His goal, he says, is to release good music and not lose money. He’s just about succeeded with the latter.

Olive Grove came into existence in October 2010 when Meredith and Rifai, separately the founders of Scottish music blogs Peenko and Glasgow Podcart, released Battleships and Kettle Chips, the debut EP by Glasgow indie-pop orchestra Randolph’s Leap. Three summers ago, Rifai phoned Meredith one night out of the blue and nervously asked, “do you want to start a label?” recounts the Glasgow-raised 
34 year-old. “I’d just been made redundant and had a payoff from my job, so I said sure, why not? She suggested we approach Randolph’s Leap, because she knew I was a fan.”

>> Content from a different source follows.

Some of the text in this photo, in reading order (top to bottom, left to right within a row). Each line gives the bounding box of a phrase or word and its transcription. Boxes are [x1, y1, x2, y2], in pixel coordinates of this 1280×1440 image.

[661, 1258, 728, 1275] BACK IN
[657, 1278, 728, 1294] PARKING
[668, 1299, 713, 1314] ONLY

So how do you go about starting a record label in the current situation, when there’s little money going round, but a number of people doing it? “The best thing I did at that point was, because I knew a lot of people in local labels through Peenko, I decided to write a feature on all of them,” he says. “So for a month I was meeting people and asking questions, people like Alan [Souter] from Armellodie and Matthew [Young] from Song, By Toad, just making them go-to people for finding out things like how you get your music online through digital distributors, that kind of stuff. I knew bands around Glasgow, too. RM Hubbert had a CD burning machine and he helped us out with that.”

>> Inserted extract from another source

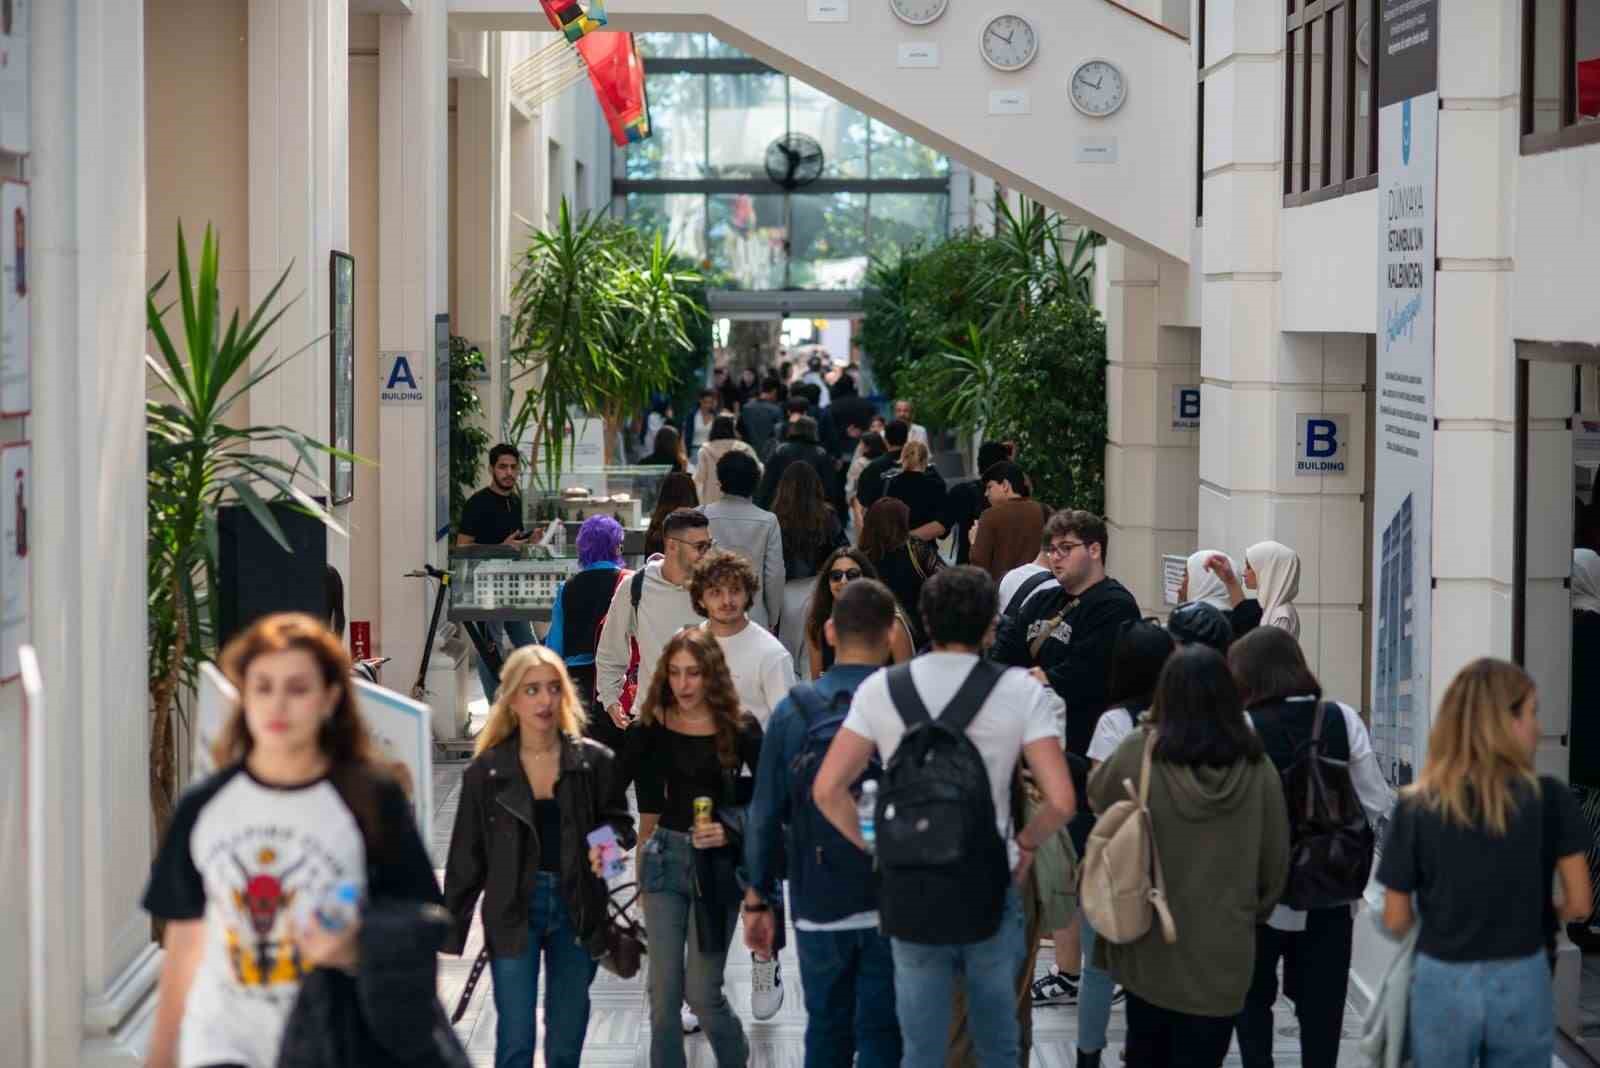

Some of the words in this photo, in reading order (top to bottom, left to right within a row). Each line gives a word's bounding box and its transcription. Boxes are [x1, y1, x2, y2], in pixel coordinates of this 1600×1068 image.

Their labours are paying off (sadly not literally), with an increasing number of Scotland’s best independent acts having appeared on Olive Grove.

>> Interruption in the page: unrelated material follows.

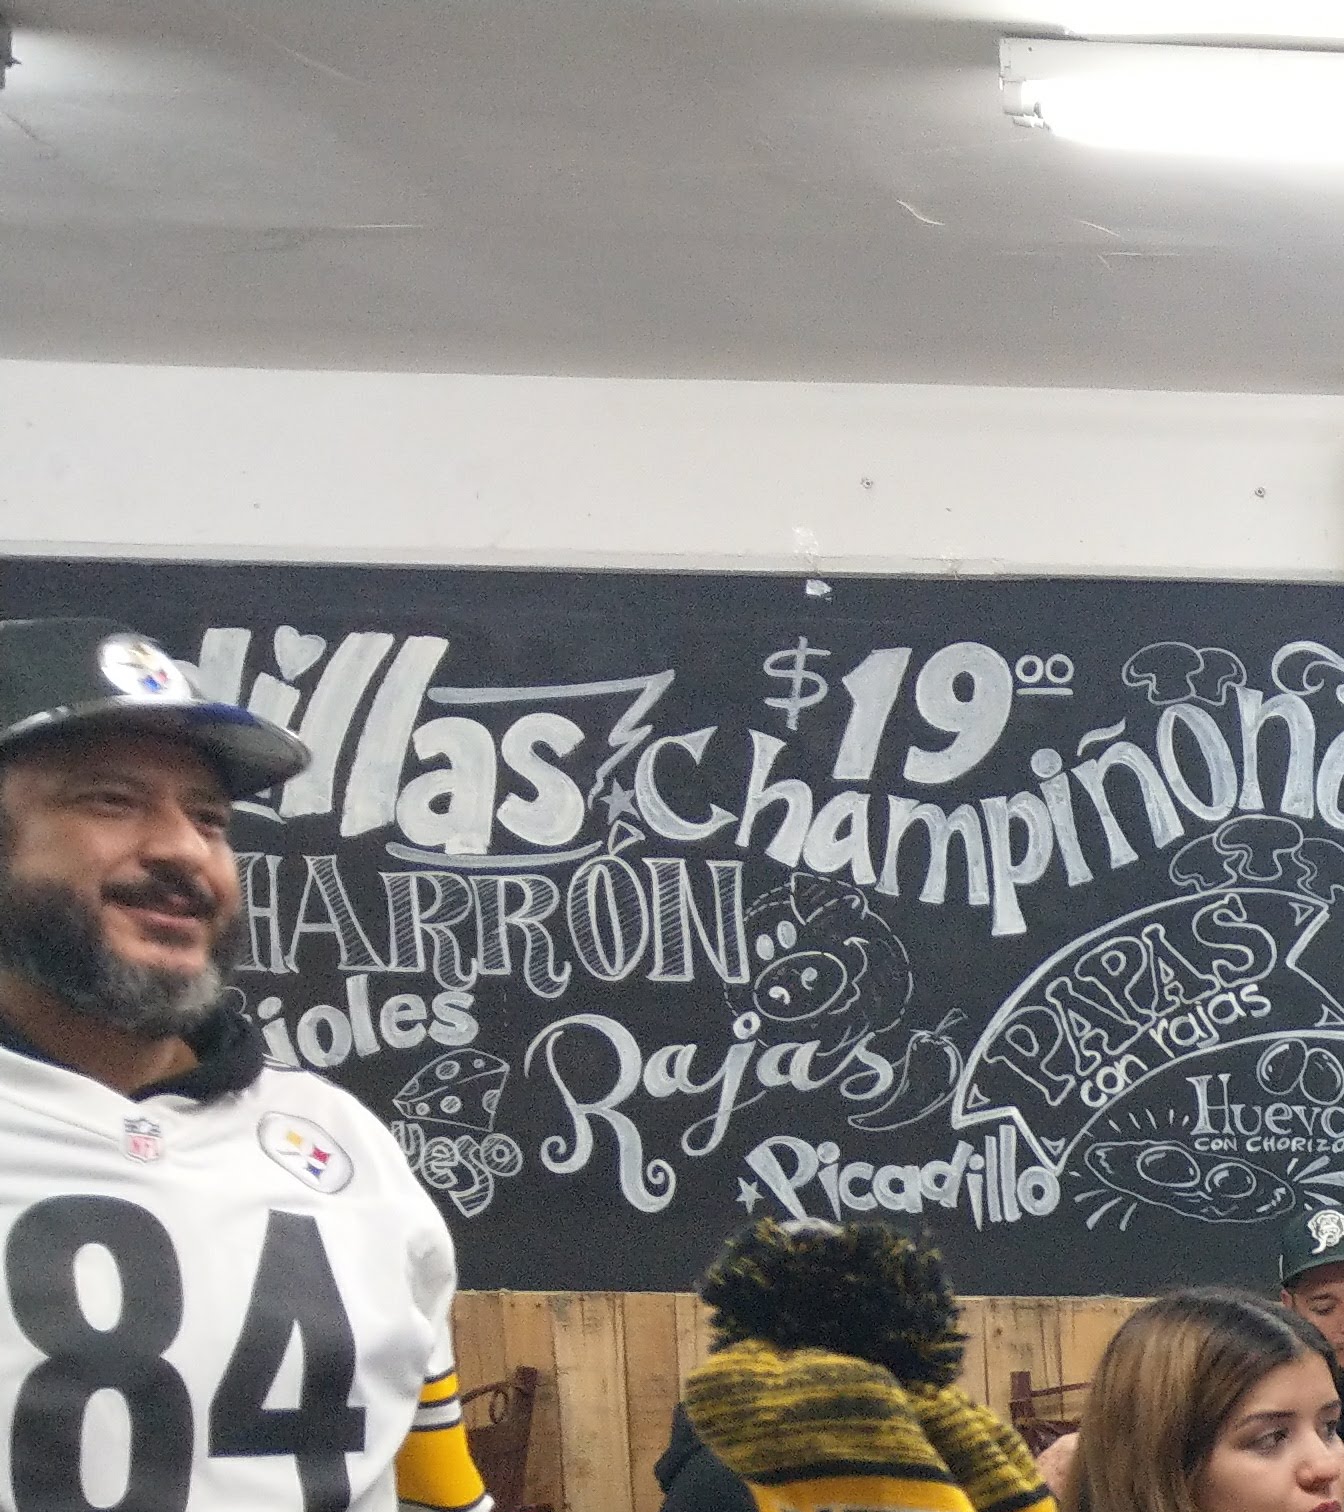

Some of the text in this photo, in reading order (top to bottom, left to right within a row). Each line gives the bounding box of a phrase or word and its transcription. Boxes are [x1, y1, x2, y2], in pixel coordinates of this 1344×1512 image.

Randolph’s Leap are now signed to more high-profile Scots DIY collective Fence Records, but Meredith “couldn’t quite let them go” and he’s now their manager. The roster has also included Esperi, The Son(s), singer-songwriter Jo Mango, the rootsy indie-blues of Woodenbox, Scots “supergroup” Moth and the Mirror (featuring members of Frightened Rabbit and Admiral Fallow), and now-defunct Dundonian rockers Pensioner.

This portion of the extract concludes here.